The fundamental aspects of professional nursing practice are: the care of sick patients across all environments, the promotion of health, and population-based health care. Nurses function in four primary roles: providers of patient-centered care, patient health and safety advocates, members of health care teams, and members of a profession. As providers, nurses emphasize caring as a means to assist individuals, families, groups, communities, and populations to develop the skills and abilities necessary to achieve or maintain health. The need for nursing arises when individuals, families, groups, communities, or populations are unable to adequately meet their own health care needs because of insufficient knowledge, skill, interest, or resources. Nurses help through caring relationships, direct intervention, collaboration and coordination with family members and other health care providers and professionals, and political advocacy and participation in professional associations. Nurses are concerned about the environment in which care happens and how the environment influences health.

As a profession, nursing derives its mandate and reason for existence from the larger society that has needs that change over time. As members of a profession, nurses work to challenge social inequities influencing health, and to shape health policy. We believe that professional standards guide the education of our students and the practice of nursing.

Patients/Clients of Nursing

Individuals, families, groups, communities, and populations are the patients/clients of nursing. Individuals possess inherent dignity and worth because they are created by God. They are composed of spiritual, psychological, physical, and sociopolitical dimensions. Individuals and families are responsible for creating meaningful lives for themselves and their communities.

Health and Illness

Health is defined as harmonious functioning of the spiritual, psychological, physical, and sociopolitical in individuals, families, groups, communities, and populations. The collective experience of individuals and families influences the health of the community. Advances in science and technology along with quality improvement and advocacy contribute to the health of individuals, families, groups, communities, and populations.

Illness is the actual or perceived disharmony of these dimensions that leads to a sense of alienation, loss of self, and loss of social integration. Disharmony in individuals may result from disease processes, genetic vulnerabilities, or specific experiences. Communities that are unable to effectively function and meet the needs of their members may be considered unhealthy. To properly understand the experience of health and illness it is necessary to be aware of the social, cultural, political, economic, ethical, and religious factors which influence human life.

The Education of Nurses

We believe that professional standards guide the education of our students in all our programs and the practice of nursing. Therefore, the minimal preparation for entry into professional nursing practice is a baccalaureate degree in nursing. Nursing programs must facilitate the educational progress of registered nurses whose prior education and experiences provide a sound foundation for educational mobility.
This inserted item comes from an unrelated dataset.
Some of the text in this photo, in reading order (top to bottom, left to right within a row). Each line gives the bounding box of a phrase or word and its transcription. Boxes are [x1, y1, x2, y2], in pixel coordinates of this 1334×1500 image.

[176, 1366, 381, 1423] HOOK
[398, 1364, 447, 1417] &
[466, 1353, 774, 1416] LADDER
We believe role development is an essential aspect of nursing education. Personal and professional standards, values, and ethics are incorporated into role development and professional performance. Nurses work interprofessionally in bringing about system changes in a variety of healthcare settings, particularly those systems that serve clients with health disparities in all age, ethnic and cultural groups with a preferential option for the economically poor. Further, professional nurses need to demonstrate personal and professional commitment to the advancement of nursing, be eligible for national certification, and be dedicated to lifelong learning.

Through nursing education, students are helped to further develop these qualities and to fully embrace the discipline of nursing. They become increasingly responsible for their own learning, reflective self-evaluation, a commitment to advancing our respected profession, and to the ethical principles and values that nursing ascribes.
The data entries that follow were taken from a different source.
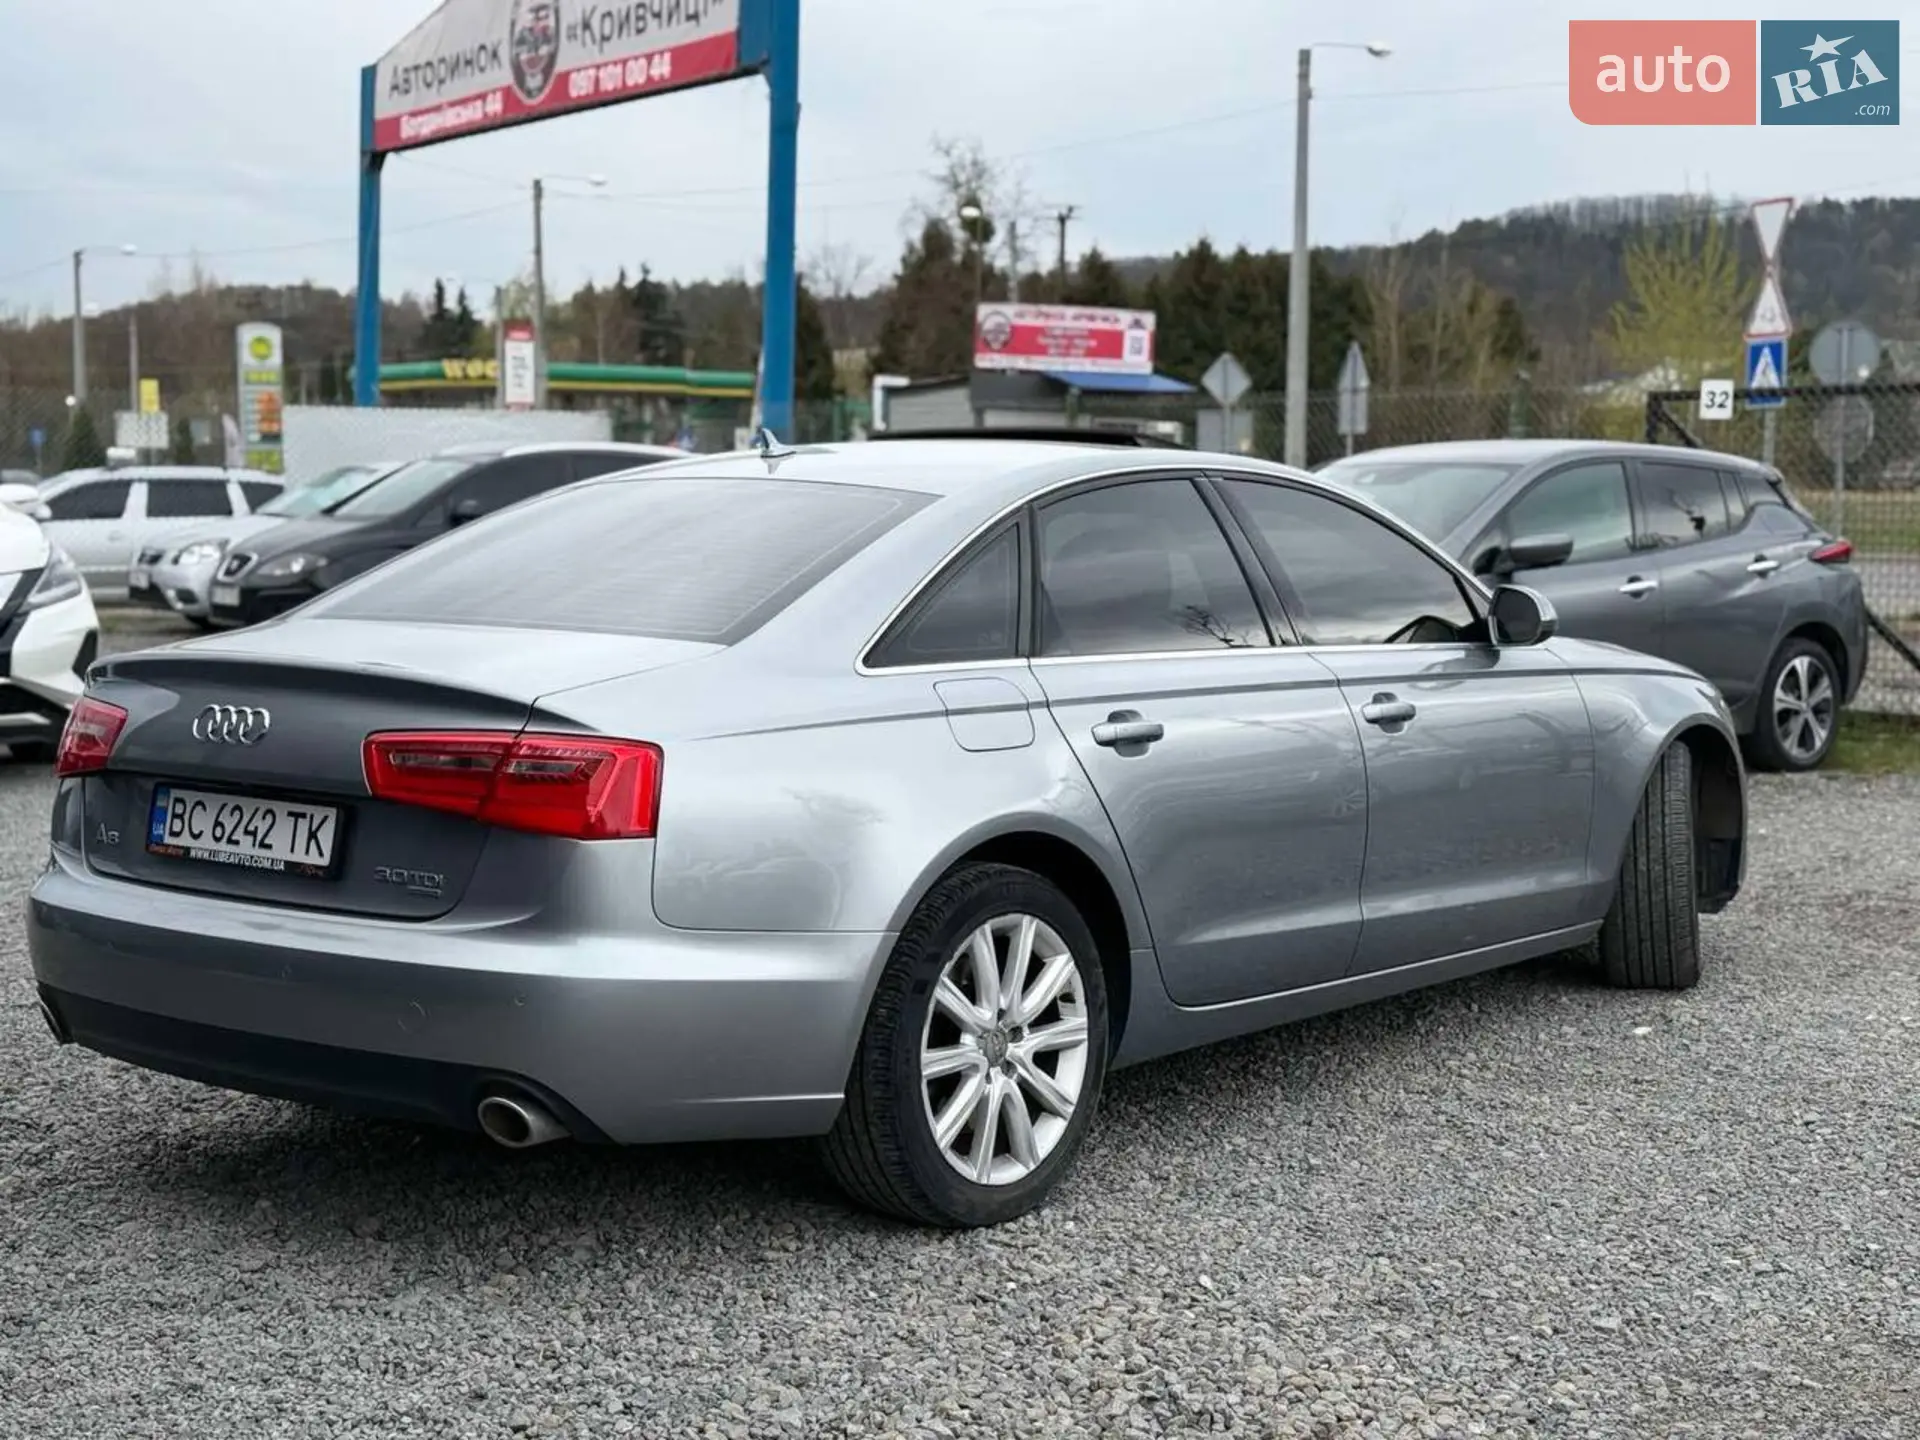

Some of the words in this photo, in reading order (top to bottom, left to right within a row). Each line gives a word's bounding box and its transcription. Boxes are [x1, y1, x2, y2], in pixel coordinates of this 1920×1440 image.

[388, 38, 502, 100] Авторинок
[566, 0, 724, 53] «Кривчиц
[568, 67, 596, 98] 097
[625, 57, 648, 87] 00
[650, 51, 672, 81] 44
[1705, 391, 1730, 409] 32
[168, 797, 207, 840] BC
[211, 802, 277, 851] 6242
[287, 811, 329, 858] TK
Approved by Nursing Faculty Organization (NFO) April 27, 2020

Nursing Accreditation

The University of the Incarnate Word Ila Faye Miller School of Nursing and Health Professions baccalaureate nursing program is approved by the Texas Board of Nursing and the baccalaureate degree program in nursing, master's degree program in nursing, Doctor of Nursing Practice programs and post-graduate APRN certificate programs at UIW are all accredited by the Commission on Collegiate Nursing Education.